E-commerce, anti-corruption, customs and trade facilitation, and the chapter on "Sanitary and Phytosanitary Measures" covering human, animal and plant life are among those chapters, Juan Pablo Castanon Castanon, Beatty's Mexican counterpart, said in an interview.
A senior official familiar with the talks disputed the characterization that any chapters are close to being closed or parked.

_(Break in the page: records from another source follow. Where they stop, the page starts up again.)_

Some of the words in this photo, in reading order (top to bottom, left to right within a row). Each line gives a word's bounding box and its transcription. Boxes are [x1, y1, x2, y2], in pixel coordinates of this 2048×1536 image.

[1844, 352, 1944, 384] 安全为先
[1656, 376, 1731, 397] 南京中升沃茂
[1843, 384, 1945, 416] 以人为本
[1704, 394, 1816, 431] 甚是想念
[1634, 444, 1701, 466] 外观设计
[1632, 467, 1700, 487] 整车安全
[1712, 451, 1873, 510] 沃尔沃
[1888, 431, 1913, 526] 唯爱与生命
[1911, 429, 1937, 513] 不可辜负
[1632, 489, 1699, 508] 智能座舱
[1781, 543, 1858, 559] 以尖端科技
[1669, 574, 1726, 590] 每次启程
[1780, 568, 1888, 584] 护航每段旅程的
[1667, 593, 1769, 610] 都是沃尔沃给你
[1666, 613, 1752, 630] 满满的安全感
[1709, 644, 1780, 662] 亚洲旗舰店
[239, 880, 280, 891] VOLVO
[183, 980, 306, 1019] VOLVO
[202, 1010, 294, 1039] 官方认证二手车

The official spoke on the condition of anonymity because of the sensitivity of the negotiations.
The official did say that Canada hoped to make progress in this round on anti-corruption, digital and cross border trade, sanitary and phytosanitary measures, and telecom.

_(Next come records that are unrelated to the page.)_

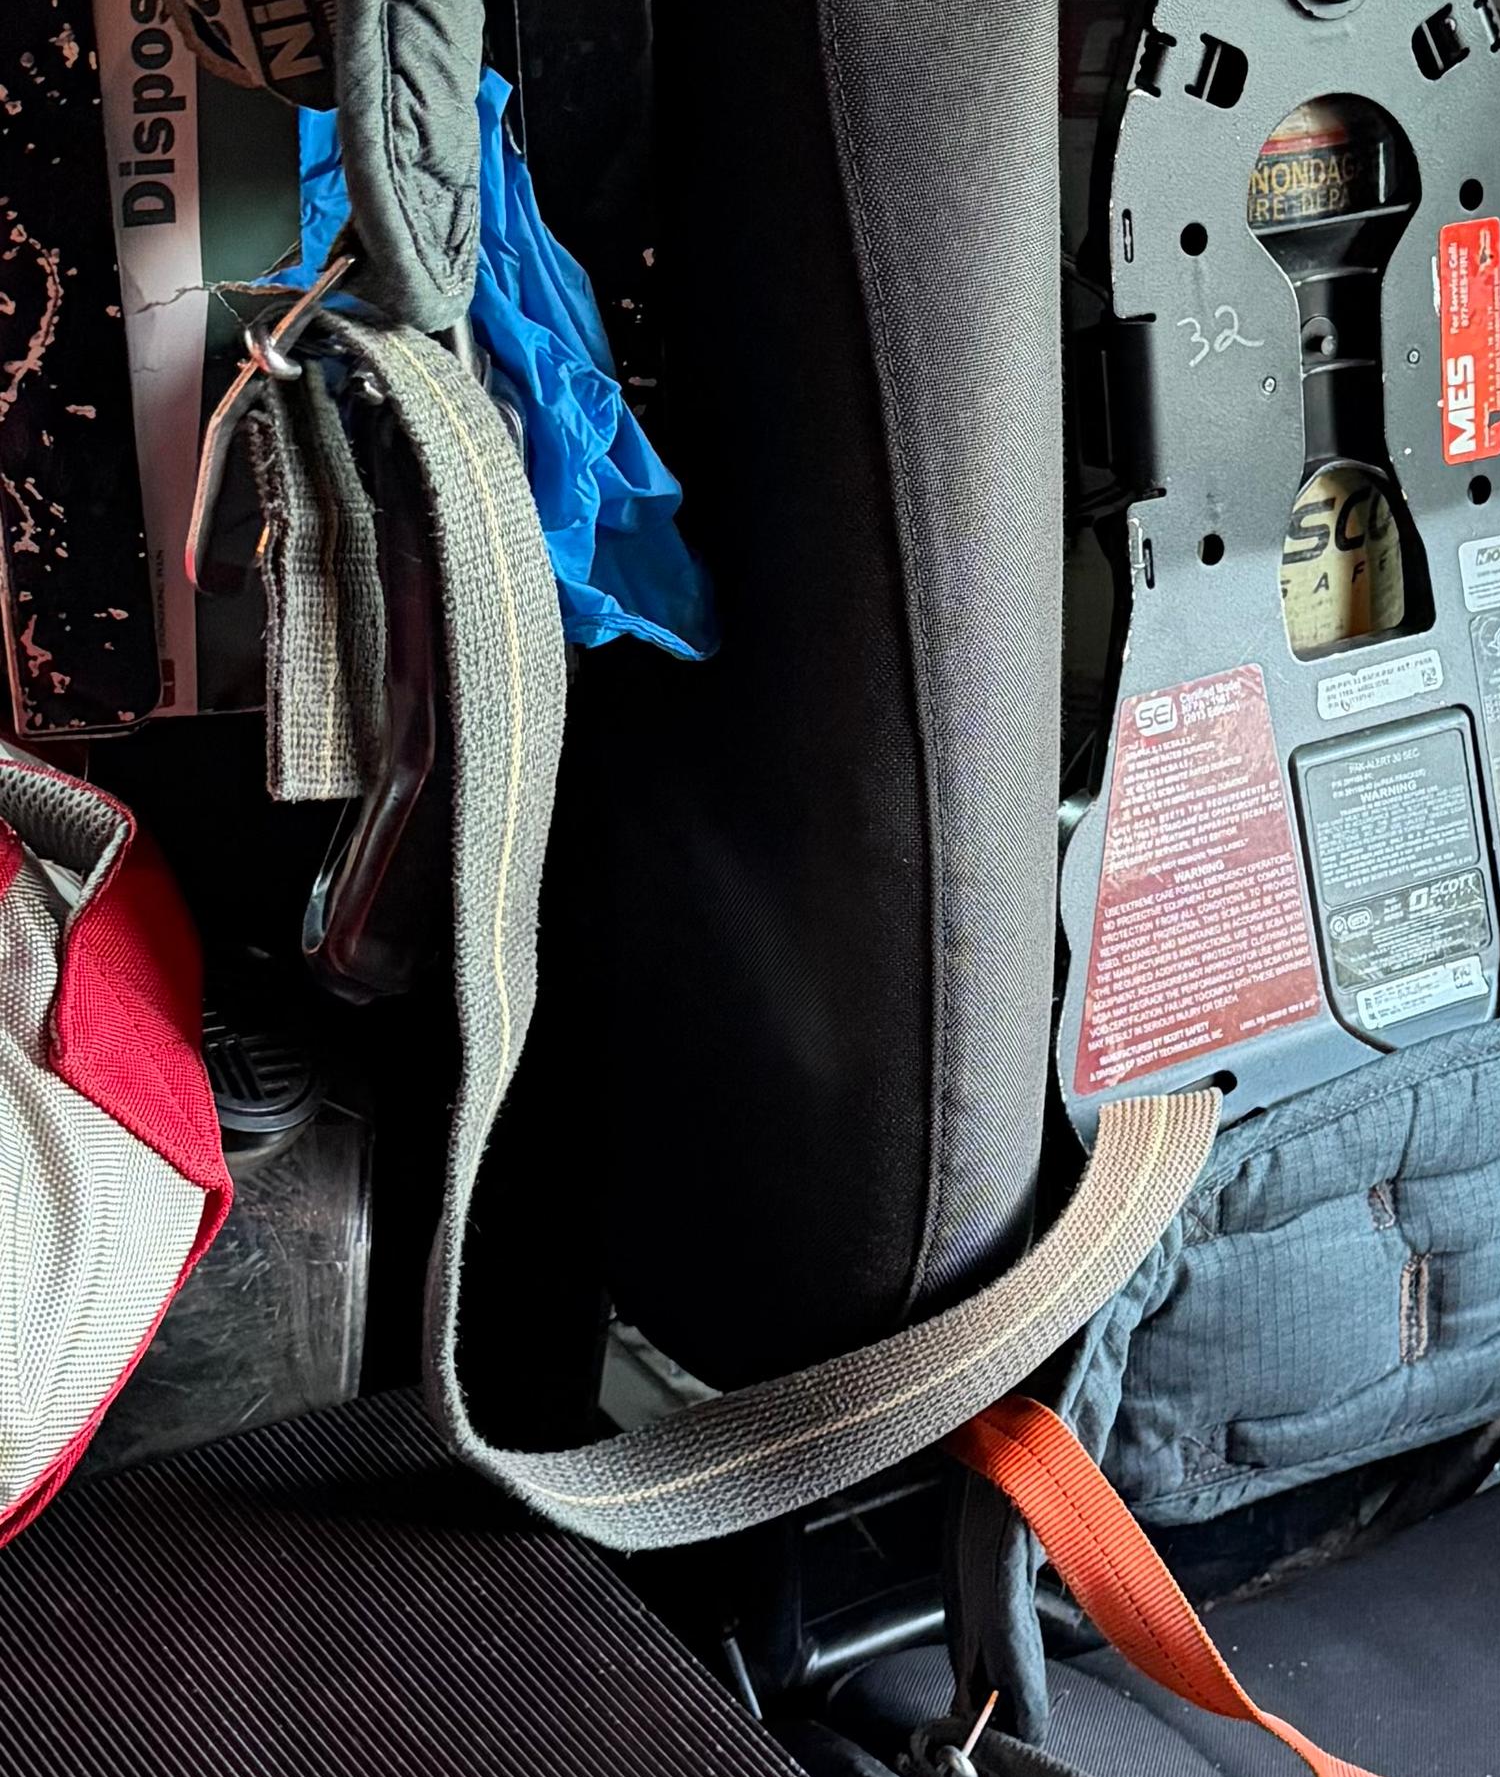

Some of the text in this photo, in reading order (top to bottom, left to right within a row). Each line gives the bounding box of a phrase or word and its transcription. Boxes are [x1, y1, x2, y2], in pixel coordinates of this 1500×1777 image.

[1177, 305, 1265, 367] 32
[1446, 353, 1477, 456] MES
[1137, 701, 1173, 730] SEI
[1359, 778, 1417, 804] WARNING
[1428, 871, 1477, 898] SCOTT

Beatty and others said Friday the NAFTA talks could extend into 2019, but added that wasn't a bad thing if slow, steady progress keeps all parties at the bargaining table.
"It could well take many months yet, and certainly go into next year," said Beatty.
Juan Carlos Baker, Mexico's deputy commerce minister, said: "It's more important to concentrate on the quality of the process and not establish artificial deadlines."
Throughout the weekend, NAFTA negotiators will be focused on breaking new ground on some of the most contentious U.S. proposals, hoping to show enough progress to keep Trump from triggering the agreement's six-month exit clause.
Canadian negotiators have countered with proposals for higher continental content requirements for automobiles, and on NAFTA's dispute-resolution mechanisms and five-year sunset clause.
Quebec's chief NAFTA negotiator said Friday that U.S. Trade Representative Robert Lighthizer will have the final say as to whether Canada's proposals have any traction after he arrives in Montreal on Sunday.
Lighthizer is to close the talks at a joint news conference Monday with Foreign Affairs Minister Chrystia Freeland and their Mexican counterpart, Ildefonso Guajardo.
Raymond Bachand, Quebec's chief negotiator and former provincial finance minister, said the Canadian team isn't expecting any formal response from the Americans until they get their marching orders from Lighthizer.
Freeland discussed Canada's counter-proposals with Lighthizer in Davos, Switzerland, on Thursday. Canadian officials said he "didn't shoot anything down" but remained otherwise non-committal.
U.S. President Donald Trump further muddied the waters on the key question of whether he will withdraw from NAFTA during an interview with CNBC.
"NAFTA's a horrible deal. We're renegotiating it. I may terminate NAFTA, I may not. We'll see what happens," Trump said Thursday.